While there's no getting around the fact that this is a lightweight polymer pistol, recoil was quite tolerable. A beavertail-type extension molded into the rear of the frame above the grip allows for a recoil-controlling high hold on the handgun with no fear of getting the web of your hand bitten by the hammer. Extended range sessions were no problem, and unlike that five-shot snubby gun-store clerks tell me is the ideal gun for a woman, you could shoot the Pavona all day without wishing you hadn't.

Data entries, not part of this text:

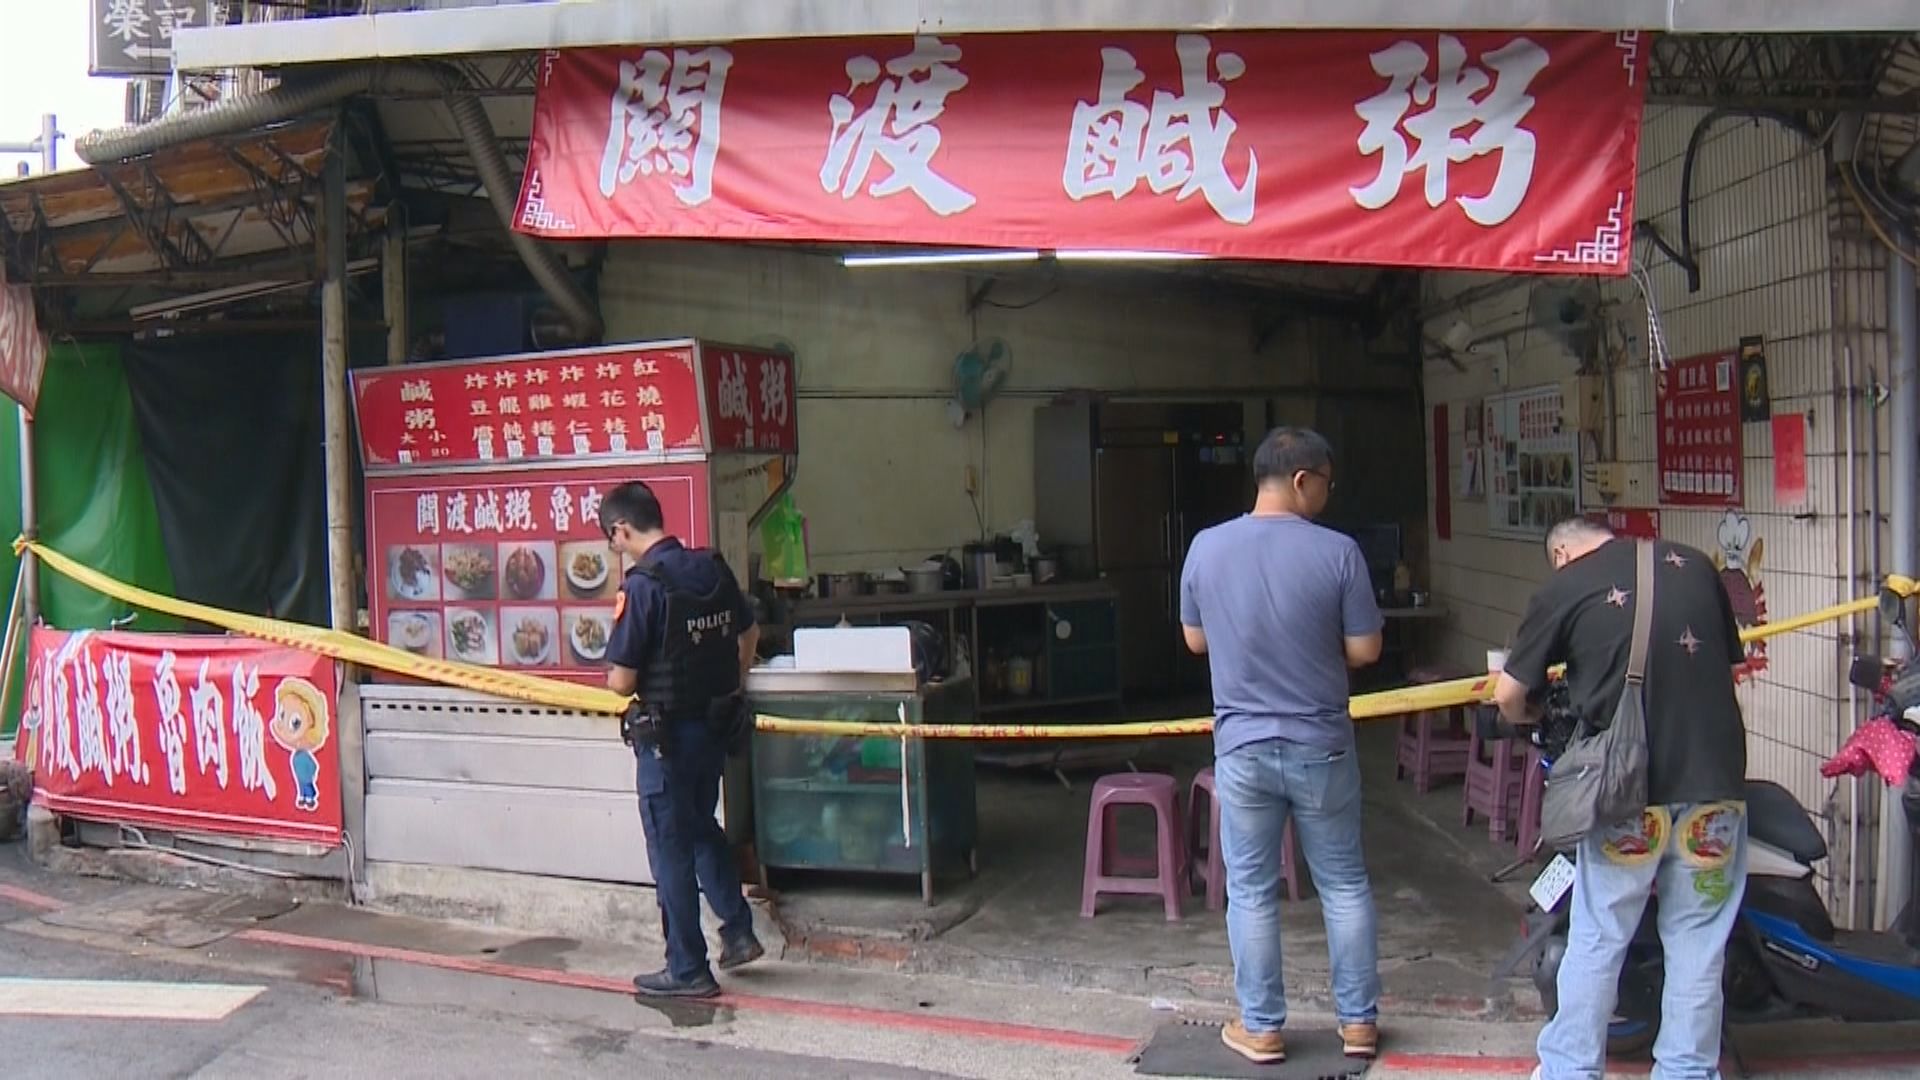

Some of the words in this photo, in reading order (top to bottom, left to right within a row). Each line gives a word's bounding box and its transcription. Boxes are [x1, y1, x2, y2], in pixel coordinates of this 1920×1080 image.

[103, 0, 196, 42] 榮記
[599, 34, 1550, 226] 關渡鹹粥
[400, 379, 436, 430] 鹹粥
[718, 352, 788, 427] 鹹粥
[687, 610, 731, 633] POLICE
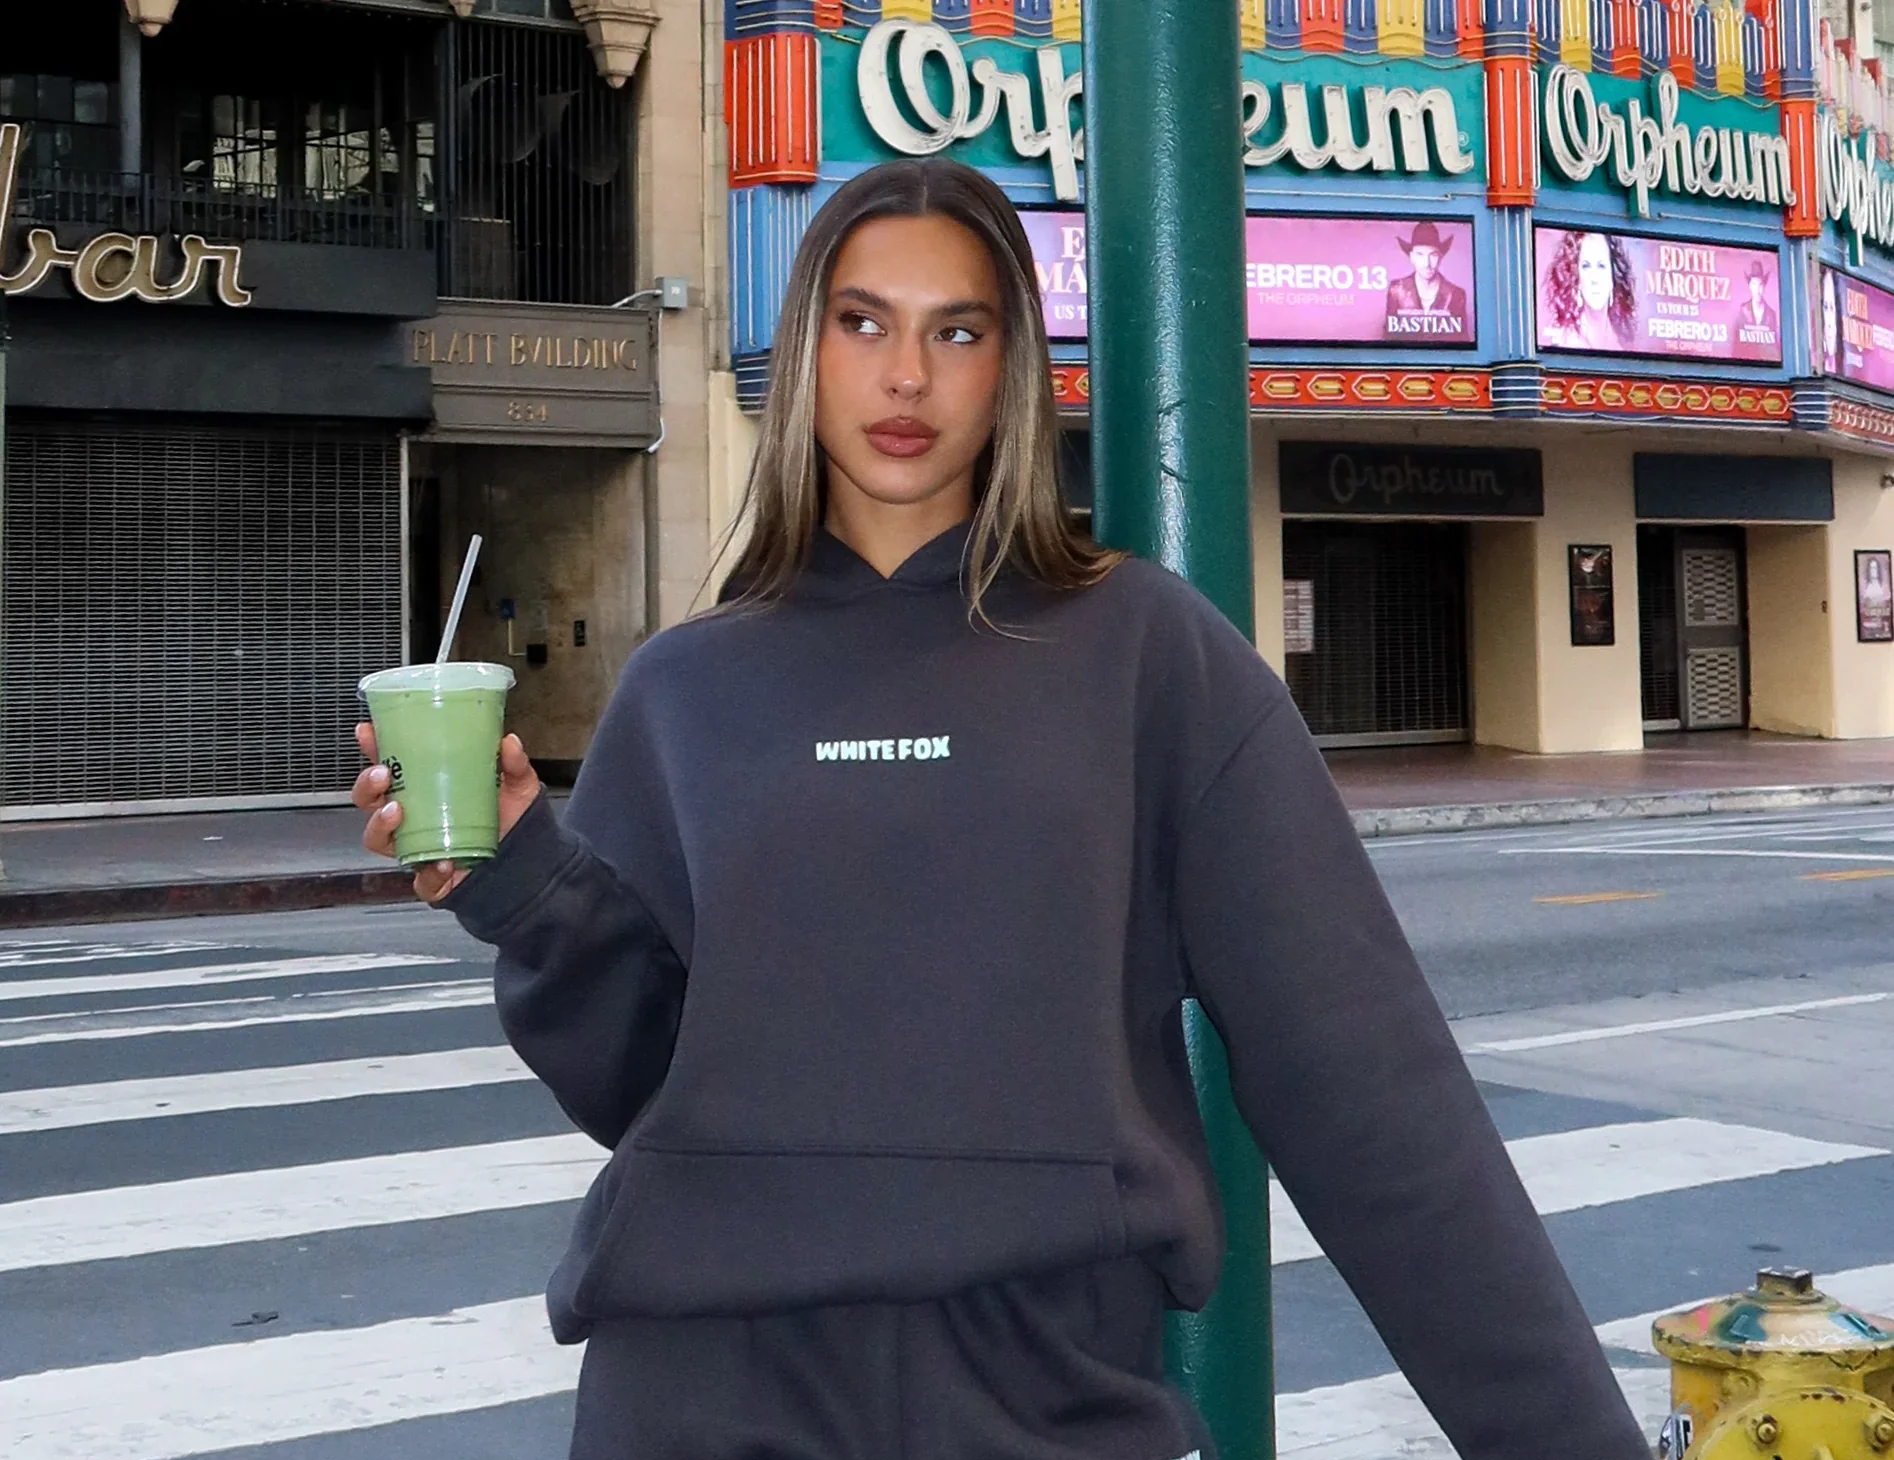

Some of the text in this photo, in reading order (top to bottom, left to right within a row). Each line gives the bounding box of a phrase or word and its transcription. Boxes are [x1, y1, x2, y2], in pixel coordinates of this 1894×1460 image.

[857, 18, 1474, 201] Orpeum
[1545, 63, 1797, 219] Orpheum
[1660, 246, 1716, 274] EDITH
[1246, 263, 1387, 290] EBRERO 13
[1256, 292, 1284, 305] THE
[1054, 305, 1075, 320] US
[1387, 315, 1462, 333] BASTIAN
[1648, 318, 1728, 342] FEBRERO 13
[1739, 329, 1776, 344] BASTIAN
[412, 329, 498, 365] PLATT
[1329, 453, 1504, 504] Orpheum
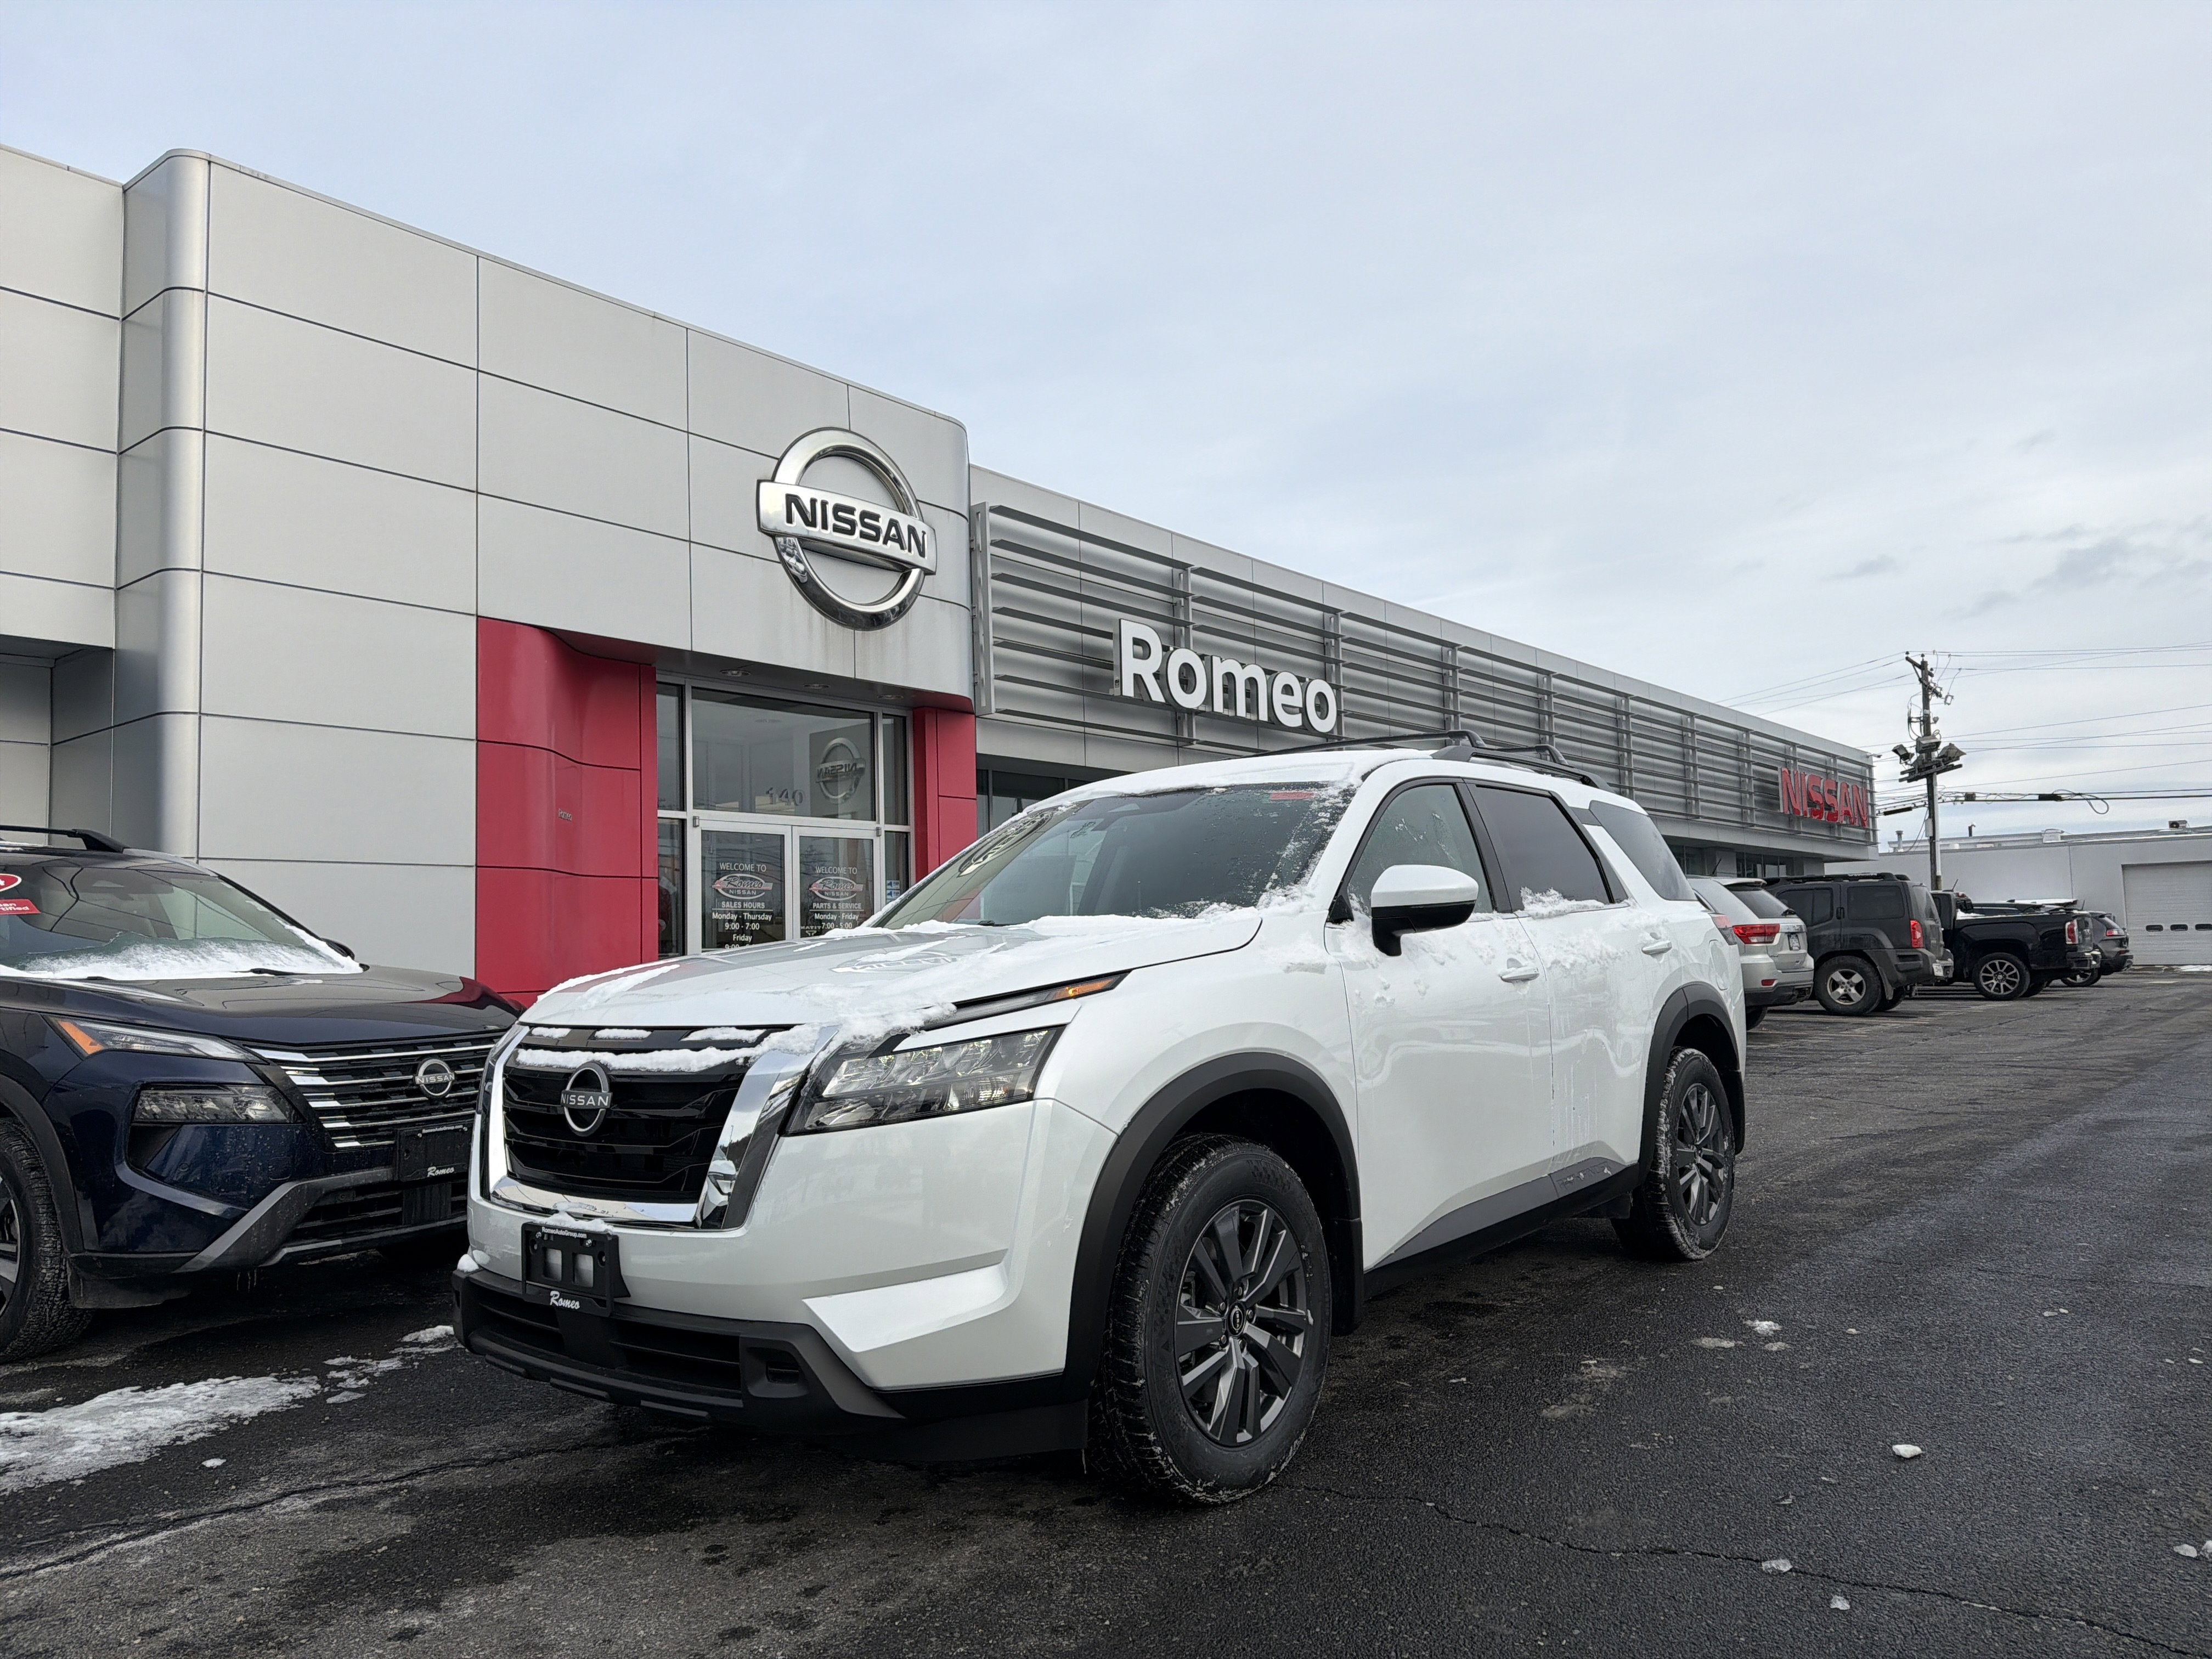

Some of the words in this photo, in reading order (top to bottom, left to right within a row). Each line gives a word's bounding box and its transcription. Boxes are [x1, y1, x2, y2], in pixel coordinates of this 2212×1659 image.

[785, 493, 927, 558] NISSAN
[1118, 618, 1338, 733] Romeo
[766, 787, 804, 806] 140
[1781, 767, 1869, 828] NISSAN
[720, 862, 755, 872] WELCOME
[724, 875, 763, 888] Romeo
[821, 878, 855, 890] Romeo
[712, 912, 737, 921] Monday
[743, 912, 772, 921] Thursday
[814, 912, 837, 921] Monday
[733, 934, 753, 943] Friday
[416, 1073, 455, 1084] NISSAN
[561, 1093, 609, 1106] NISSAN
[427, 1166, 455, 1178] Romeo
[541, 1226, 587, 1239] RomeoAutoGroup.com
[550, 1290, 580, 1310] Romeo

Is it perfect? No gun is, but the faults on the Pavona are minor and most can be worked around with proper technique. My only real gripe is the lack of a decocker, and that's largely a personal preference. Given the selection of purses also sold in the Pavona line, there's a good chance these guns will be carried off-body. While I carried a cocked-and-locked 1911 in a belt holster extensively, I'm less sanguine about carrying one in a bag that is going to be bumped around.

If my mom were to call right now asking for advice on a pistol to purchase, I'd tell her I knew where I might be able to get a good deal on one. Sure, it's a bit dirty, but I've made sure it works and I can clean it up again until it sparkles.

Manufacturer: Tanfoglio
Importer: European American Armory; (321) 639-4842
Action Type: Recoil-operated, semi-automatic
Caliber: .380 ACP, 9 mm (tested), .40 S&W
Capacity: 13+1 rounds
Barrel Length: 3.6 inches
Rifling: 6 grooves; 1:10-inch RH twist
Sights: Three-dot; fixed front, windage-adjustable rear
Trigger Pull Weight: 10 pounds, 2 ounces
Length: 7.3 inches
Width: 1.4 inches
Height: 4.5 inches
Weight: 30.4 ounces
Accessories: Hard case, one 13-round magazine, cleaning brush, manual
MSRP: $476

Shooting Results

Load Velocity   Group Size  
    Smallest Largest Average
Remington UMC 115-grain FMJ 1,065 4.53 6.98 5.74
Nosler Match 124-grain JHP 1,110 3.67 5.46 4.43
Hornady Critical Duty 135-grain Flexlock +P 1,055 3.10 6.60 4.81


Velocity measured in fps at the muzzle for 10 consecutive shots with a Shooting Chrony Beta chronograph. Temperature: 81 degrees Fahrenheit. Accuracy measured in inches for five consecutive, five-shot groups at 25 yards from a supported rest.